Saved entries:

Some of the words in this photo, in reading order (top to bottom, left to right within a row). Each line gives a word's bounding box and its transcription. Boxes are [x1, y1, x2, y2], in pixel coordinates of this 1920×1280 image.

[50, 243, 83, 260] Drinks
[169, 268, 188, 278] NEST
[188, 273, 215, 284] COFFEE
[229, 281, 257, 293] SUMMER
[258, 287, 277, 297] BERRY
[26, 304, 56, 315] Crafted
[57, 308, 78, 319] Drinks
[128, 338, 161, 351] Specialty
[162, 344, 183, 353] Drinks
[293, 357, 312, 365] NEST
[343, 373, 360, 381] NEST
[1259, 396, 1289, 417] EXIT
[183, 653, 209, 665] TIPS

What is needed: Every entry above should be transcribed exactly and in full.

Written response:
Some of the words in this photo, in reading order (top to bottom, left to right within a row). Each line gives a word's bounding box and its transcription. Boxes are [x1, y1, x2, y2], in pixel coordinates of this 1920×1280 image.

[50, 243, 83, 260] Drinks
[169, 268, 188, 278] NEST
[188, 273, 215, 284] COFFEE
[229, 281, 257, 293] SUMMER
[258, 287, 277, 297] BERRY
[26, 304, 56, 315] Crafted
[57, 308, 78, 319] Drinks
[128, 338, 161, 351] Specialty
[162, 344, 183, 353] Drinks
[293, 357, 312, 365] NEST
[343, 373, 360, 381] NEST
[1259, 396, 1289, 417] EXIT
[183, 653, 209, 665] TIPS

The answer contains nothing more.